Looking to the future
Moving forward, the Executive Director has been working closely with members of the community to understand the needs of the community. Additionally, there is active outreach currently going on to recruit new Board Members to the committee. The Executive Director has also focused on attending and speaking at community organizations to help educate the public and improve accessibility to the Board. A recent forum with Thomas Jefferson Law School, is one example of these joint community forums to help raise awareness of the CRB.

The City is always looking to for volunteers to serve on the Citizens’ Review Board. Individuals can call 619-236-6296 or email
citizensreviewboard@sandiego.gov if they are interesting in volunteering.

Read the full response from Moseley below:

Thank you for contacting me. I’m sorry that I can’t really respond without more information. The City Attorney’s Office is required to be the legal advisor for all City bodies, like the CRB and other commissions, with the exception of the Ethics Commission. I’m not sure what would constitute a secret meeting with the City Attorney’s Office as they are the only legal Counsel for the Chair, the Board and Executive Director. If a board policy has been violated, please provide me with the specific instance so I can review it.

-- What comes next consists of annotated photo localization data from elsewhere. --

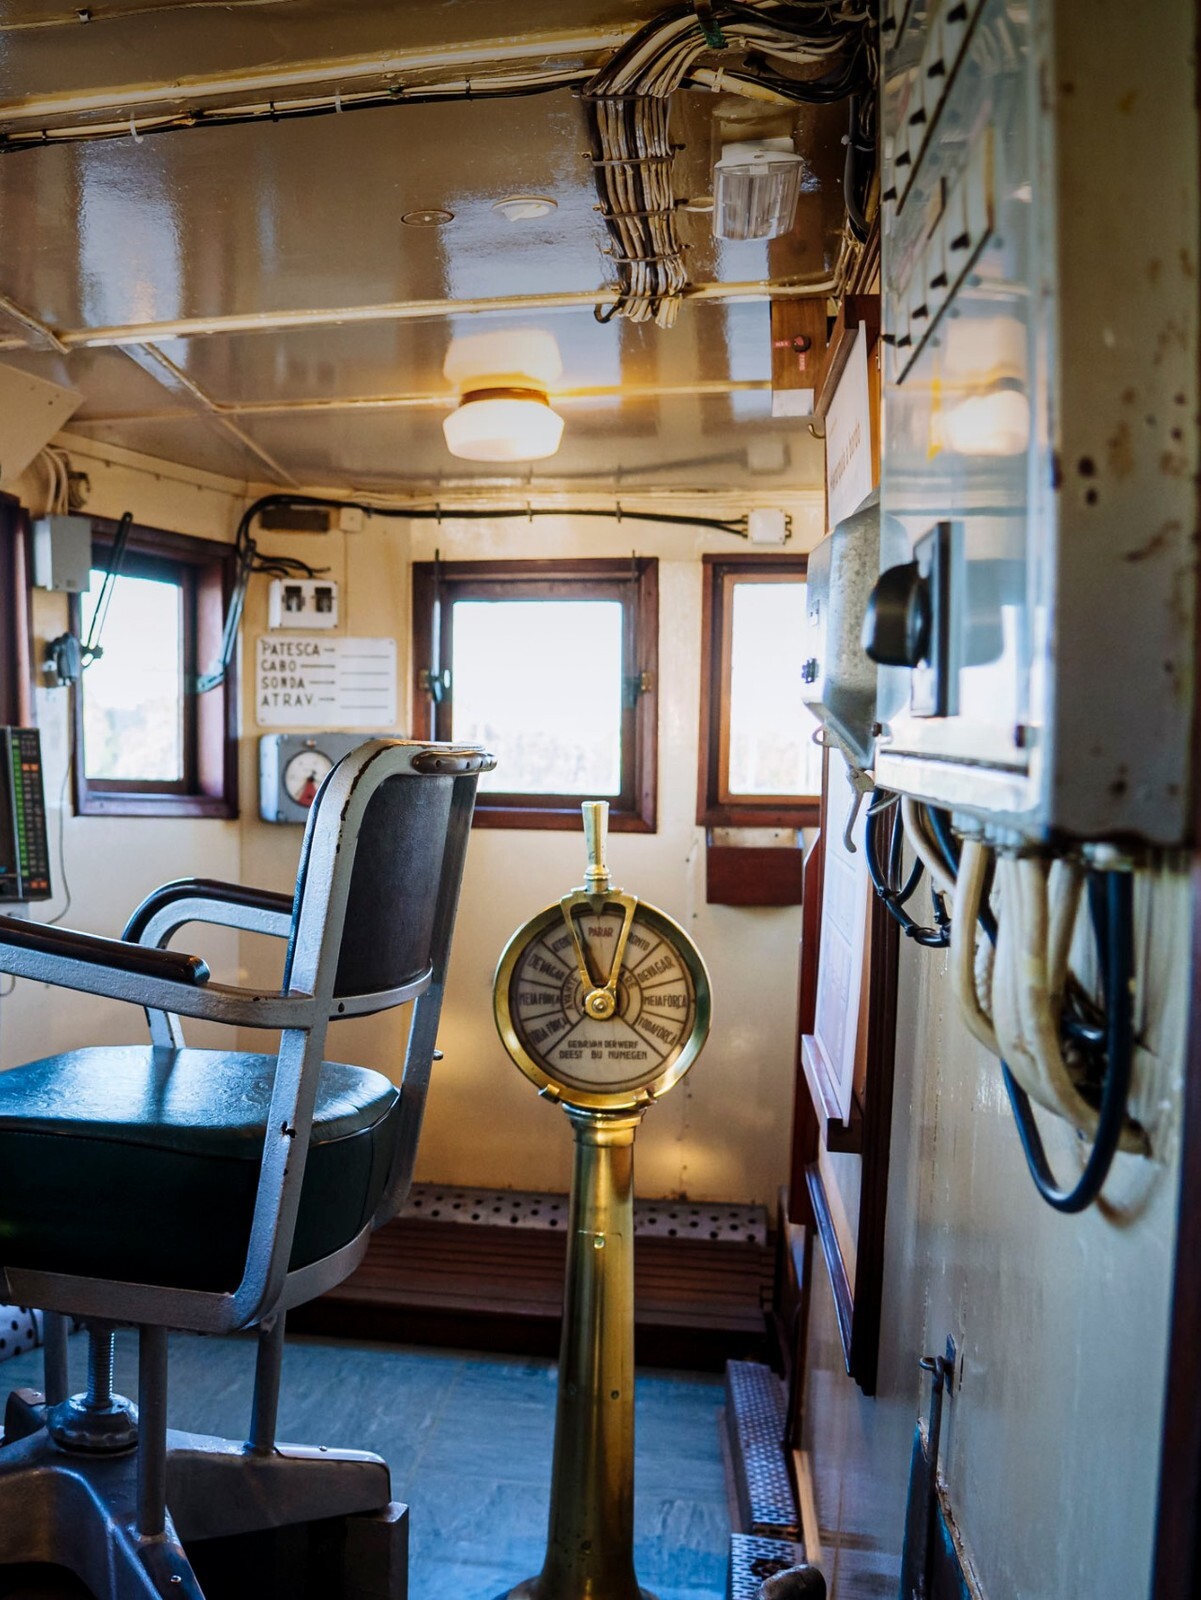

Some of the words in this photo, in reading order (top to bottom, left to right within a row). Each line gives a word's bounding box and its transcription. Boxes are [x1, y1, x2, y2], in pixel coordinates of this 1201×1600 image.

[261, 641, 320, 656] PATESCA
[261, 659, 297, 672] CABO
[261, 676, 305, 689] SONDA
[588, 926, 614, 937] PARAR
[527, 953, 566, 981] DEVAGAR
[637, 956, 676, 983] DEVAGAR
[559, 1050, 583, 1059] DEEST

Any concerns regarding the conduct of the Board or Executive Director can be raised at the public meeting of the Board.

The current bylaws were approved prior to my arrival, so there hasn’t been a substantive change to my role since I have taken this position.

Since the formation of the Board, the Executive Director has always been a city employee. It’s my job to facilitate the work of the Board within the bounds of the law, the City Charter, Board bylaws and Board approved direction. My position in Albany was in a different state and a different structure, so that doesn’t apply to my role and responsibility in this position as the Executive Director of the CRB.

I was excited to be selected for this position. I’m passionate about civilian oversight of law enforcement and am an active member of the National Association for Civilian Oversight of Law Enforcement (NACOLE). Since coming here, I’ve met with or spoken to probably over 300 community members and many organizations regarding civilian oversight in San Diego. I’m honored to have the opportunity to facilitate the work of the Board as they try to achieve the mission of efficient and effective law enforcement oversight.